IV. INSTITUTIONAL UNITS AND SECTORS
D. The financial corporations sector and its sub-sectors (S.12)
| 4.77. | The financial corporations sector consists of all resident corporations or quasi-corporations principally engaged in financial intermediation or in auxiliary financial activities which are closely related to financial intermediation. Because financial intermediation is inherently different from most other types of productive activity and because of the importance of financial intermediation in the economy, financial corporations are distinguished from non-financial corporations at the first level of sectoring in the System. |
1. Financial intermediation
| 4.78. | Financial intermediation may be defined as a productive activity in which an institutional unit incurs liabilities on its own account for the purpose of acquiring financial assets by engaging in financial transactions on the market. The role of financial intermediaries is to channel funds from lenders to borrowers by intermediating between them. They collect funds from lenders and transform, or repackage, them in ways which suit the requirements of borrowers. They obtain funds by incurring liabilities on their own account, not only by taking deposits but also by issuing bills, bonds or other securities. They use these funds to acquire financial assets, principally by making advances or loans to others but also by purchasing bills, bonds or other securities. A financial intermediary does not simply act as an agent for other institutional units but places itself at risk by incurring liabilities on its own account. |
2. Financial enterprises
| 4.79. | Financial enterprises are defined in the System as enterprises that are principally engaged in financial intermediation or in auxiliary financial activities which are closely related to financial intermediation. They thus include enterprises whose principal function is to facilitate financial intermediation without necessarily engaging in financial intermediation themselves. Financial enterprises consist of all those enterprises (i.e., institutional units as distinct from establishments) whose principal activity is classified under Divisions 65, 66 and 67 of the International Standard Industrial Classification of All Economic Activities (ISIC) Rev.3. |
| 4.80. | The provision of services that are auxiliary to financial intermediation may be carried out as secondary activities of financial intermediaries or they may be provided by specialist agencies or brokers. The latter consist of agencies such as securities brokers, flotation companies, loan brokers, etc.

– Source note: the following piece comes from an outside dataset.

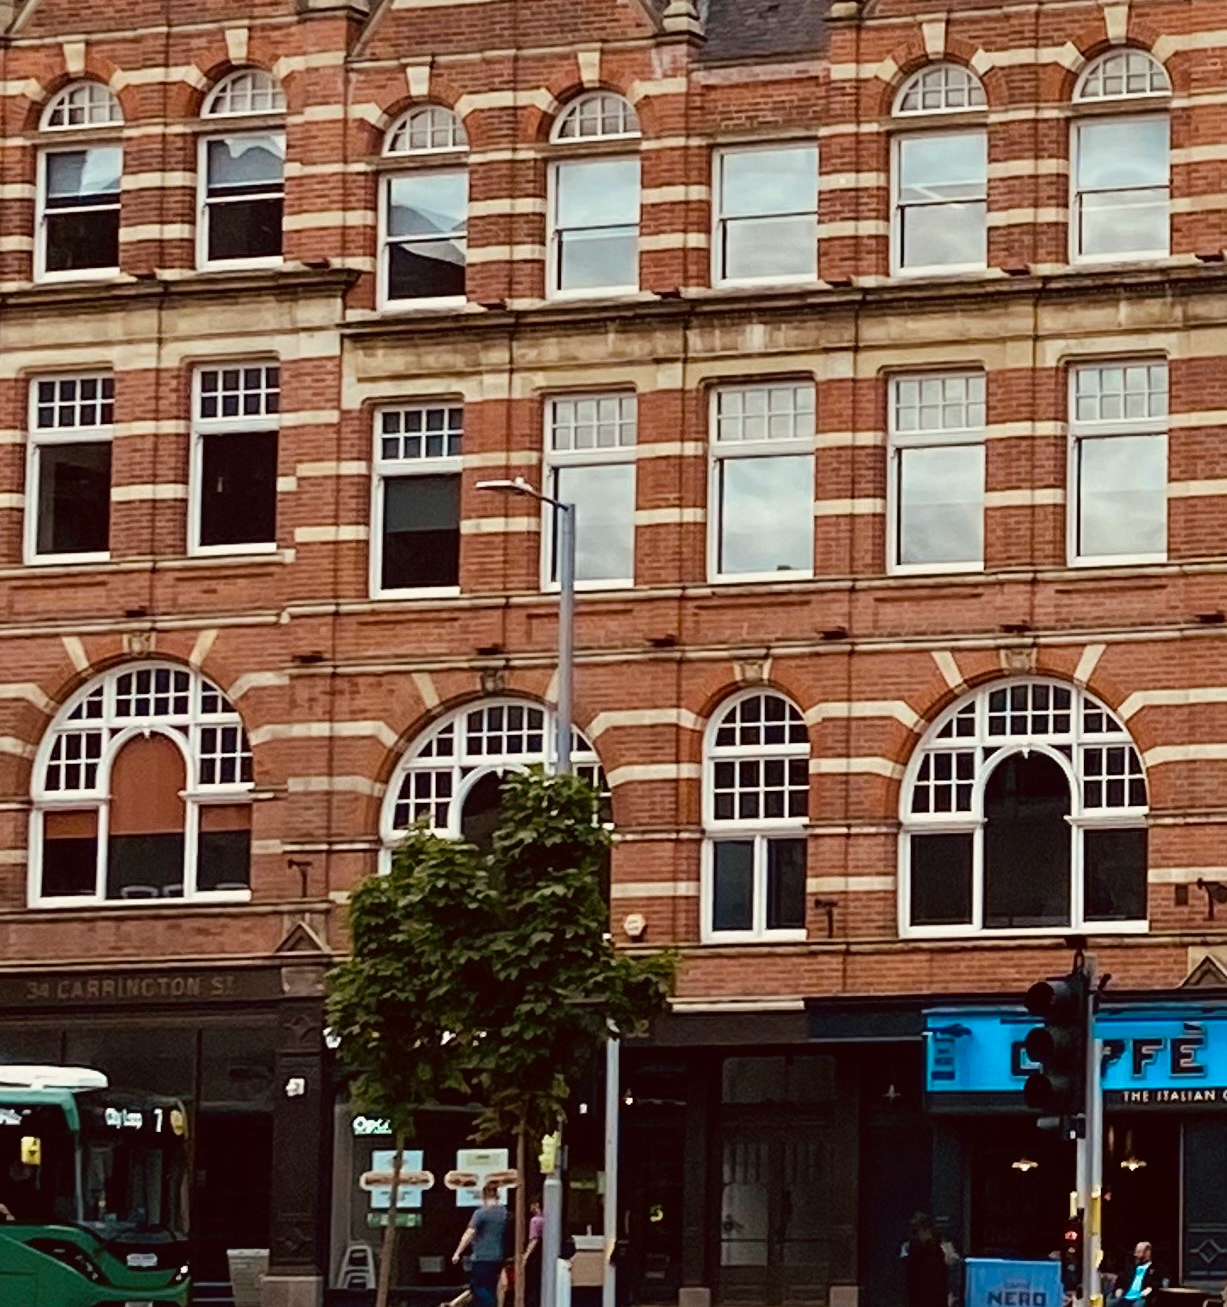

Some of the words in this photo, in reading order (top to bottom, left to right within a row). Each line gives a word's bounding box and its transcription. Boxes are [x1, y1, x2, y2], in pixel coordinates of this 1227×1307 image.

There are also other agencies whose principal function is to guarantee, by endorsement, bills or similar instruments intended for discounting or refinancing by financial enterprises and also institutions that arrange hedging instruments, such as swaps, options and futures which have evolved as a result of wide-ranging financial innovation. These enterprises provide services which border very closely on financial intermediation, but they may not constitute true financial intermediation as the enterprises may not acquire financial assets and put themselves at risk by incurring liabilities on their own account. However, it is becoming increasingly difficult to draw a clear distinction between true intermediation and certain other financial activities. The boundary between financial intermediation and many of the services which are auxiliary to financial intermediation has become rather blurred as a result of continuous evolution and innovation in financial markets. |
| 4.81. | However, this is not the only reason for classifying financial auxiliaries as financial enterprises in the System. As already mentioned, corporations whose principal function is financial intermediation also tend to provide a wide range of auxiliary services themselves as secondary activities. As a corporation as a whole has to be allocated to a sector, the auxiliary activities of financial corporations would fall within the financial corporate sector of the System anyway, even if financial auxiliaries themselves were to be excluded. |
3. Unincorporated financial enterprises
| 4.82. | Individuals or households may engage in financial activities such as money lending or buying and selling foreign currency. Unincorporated financial enterprises of this kind are included in the financial corporations sector only if they qualify as proper financial intermediaries or auxiliaries and as quasi-corporations. In particular, they must have complete sets of accounts that are separable from those of their owners in their personal capacities. As large unincorporated financial enterprises may be subject to government regulation and control, they may well be obliged to keep such accounts. However, money lenders, currency changers and similar individuals engaged in financial activities on a small scale are unlikely to qualify, in which case they cannot be treated as quasi-corporations and are not included in the financial corporations sector. |
4. The sub-sectors of the financial corporations sector
| 4.83. | Financial corporations and quasi-corporations are grouped into the following sub-sectors:
(a) The central bank;
(b) Other depository corporations, of which:
(i) Deposit money corporations;
(ii)Other;
(c) Other financial intermediaries, except insurance corporations and pension funds;
(d) Financial auxiliaries;
(e) Insurance corporations and pension funds. |
| 4.84. | In addition, financial corporations and quasi-corporations may also be sub-divided according to whether they are subject to public, private or foreign control as follows:
(a) Public financial corporations;
(b) National private financial corporations;
(c) Foreign controlled financial corporations.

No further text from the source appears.